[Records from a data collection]
*** Block opens ***

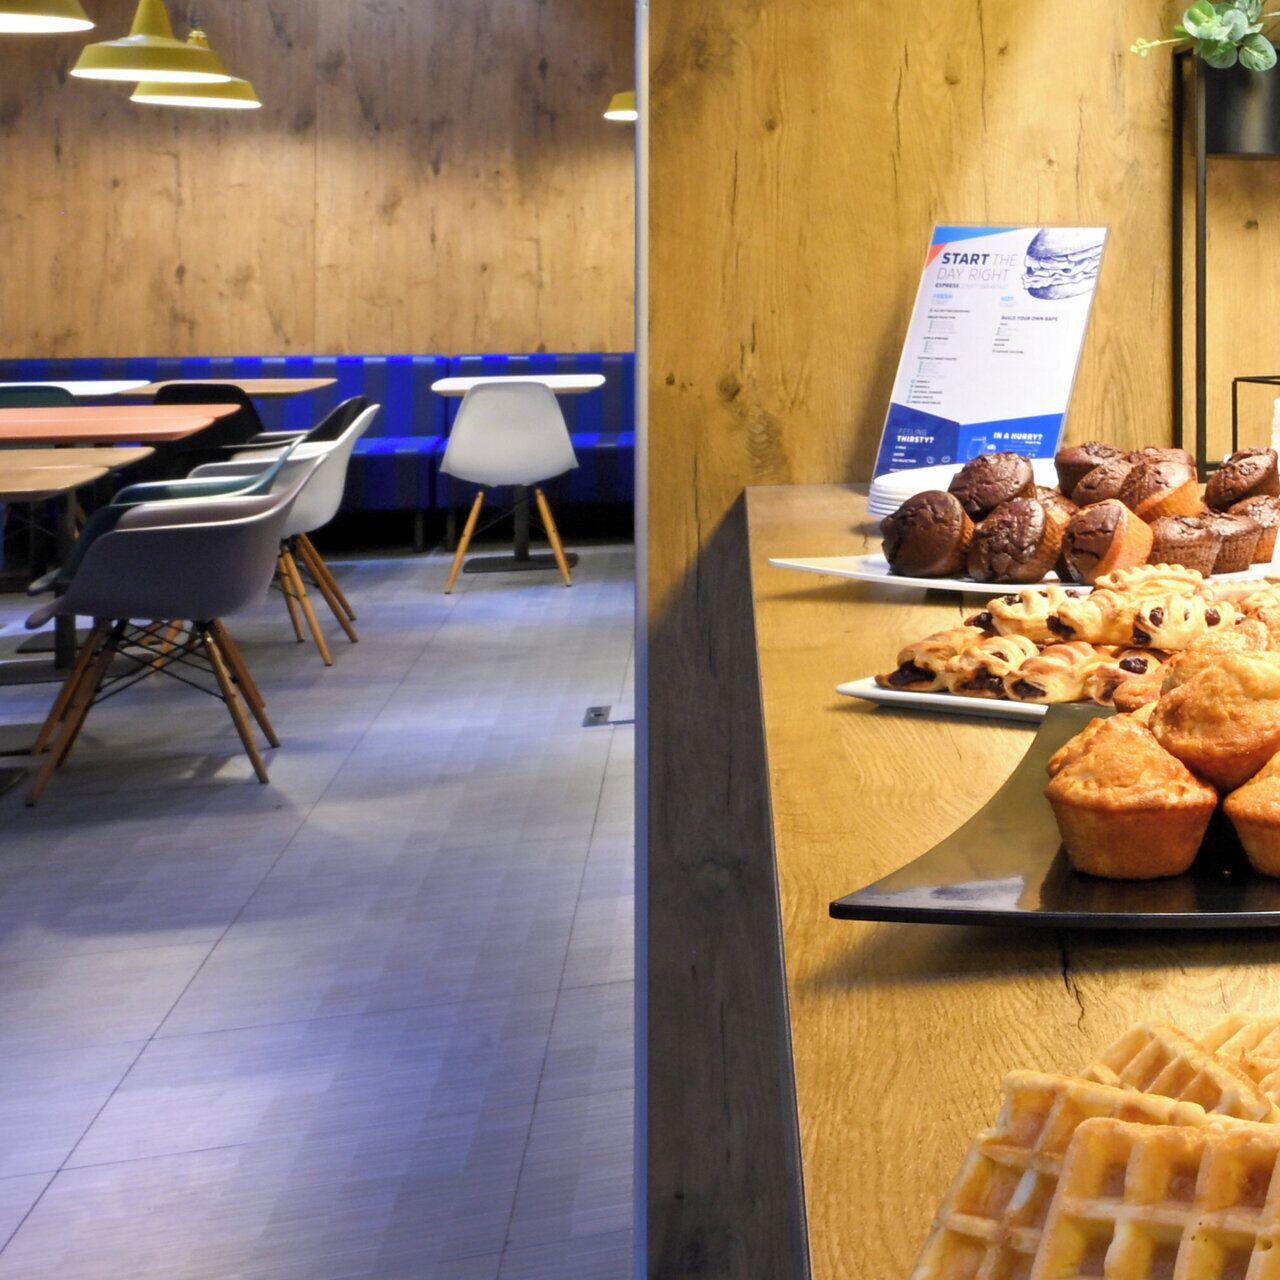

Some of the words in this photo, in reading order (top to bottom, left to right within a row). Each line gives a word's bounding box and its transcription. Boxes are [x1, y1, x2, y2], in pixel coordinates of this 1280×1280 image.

[941, 252, 990, 265] START
[993, 253, 1019, 267] THE
[936, 267, 963, 280] DAY
[968, 268, 1010, 281] RIGHT
[897, 435, 935, 444] THIRSTY?
[1003, 432, 1010, 440] A
[1010, 432, 1043, 441] HURRY?
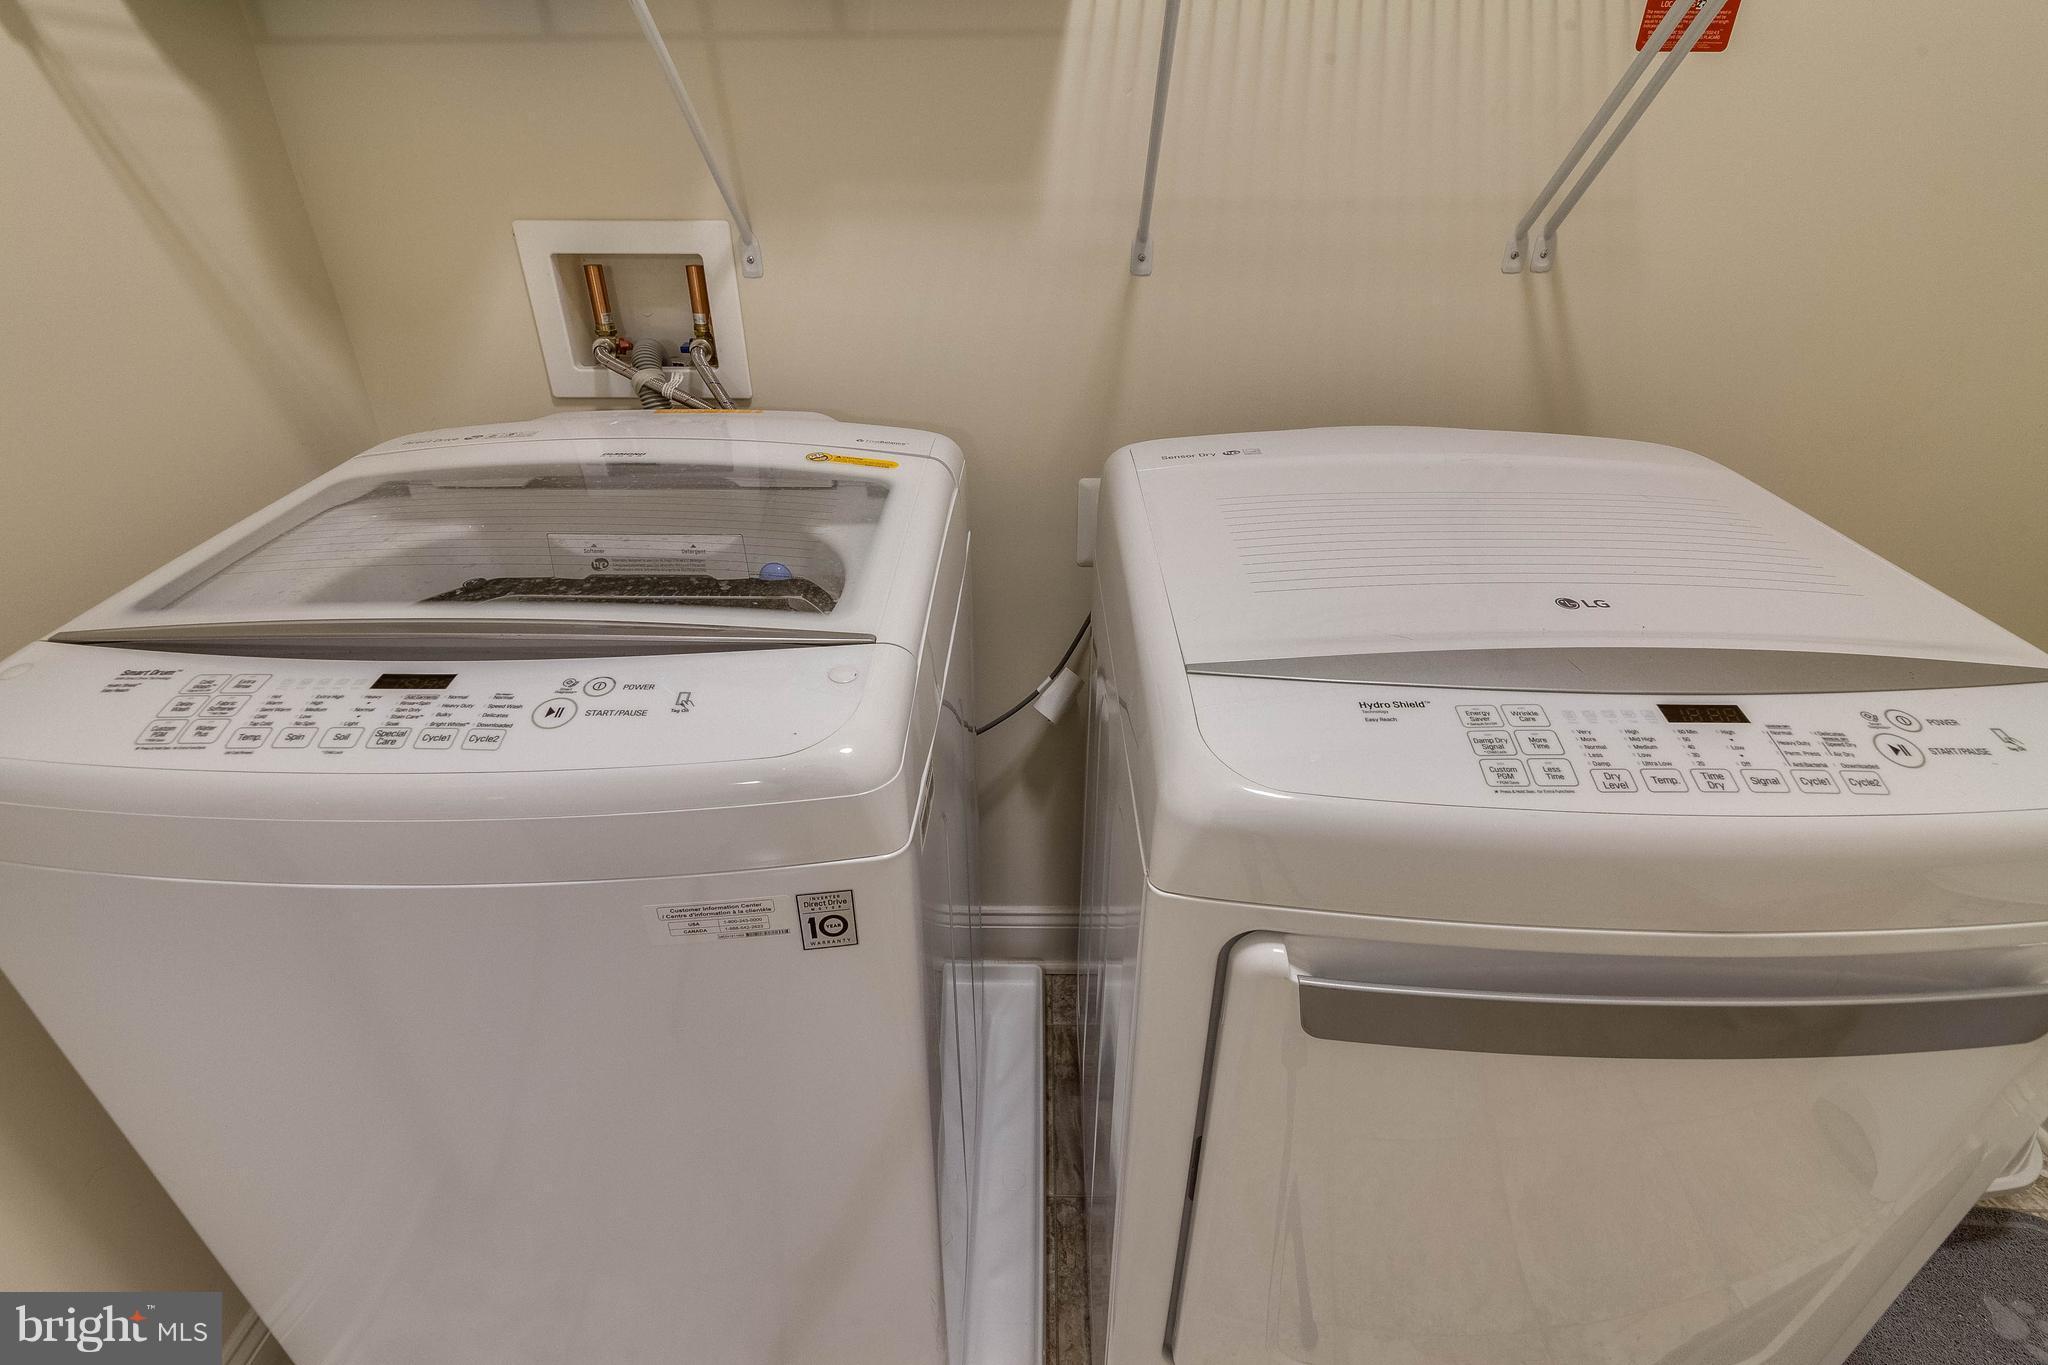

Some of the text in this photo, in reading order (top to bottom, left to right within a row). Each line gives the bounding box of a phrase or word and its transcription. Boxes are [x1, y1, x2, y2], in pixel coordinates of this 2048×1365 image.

*** Block closes ***

■ What is required ■
Every entry above needs to be retyped exactly; drop the pictures.

■ Your solution ■
Some of the words in this photo, in reading order (top to bottom, left to right within a row). Each line gives a word's bounding box and its transcription. Boxes are [x1, y1, x2, y2], in pixel coordinates of this 1280×1280 image.

[941, 252, 990, 265] START
[993, 253, 1019, 267] THE
[936, 267, 963, 280] DAY
[968, 268, 1010, 281] RIGHT
[897, 435, 935, 444] THIRSTY?
[1003, 432, 1010, 440] A
[1010, 432, 1043, 441] HURRY?

Some of the text in this photo, in reading order (top to bottom, left to right within a row). Each line gives the bounding box of a phrase or word and its transcription. Boxes are [x1, y1, x2, y2], in pixel coordinates of this 2048×1365 image.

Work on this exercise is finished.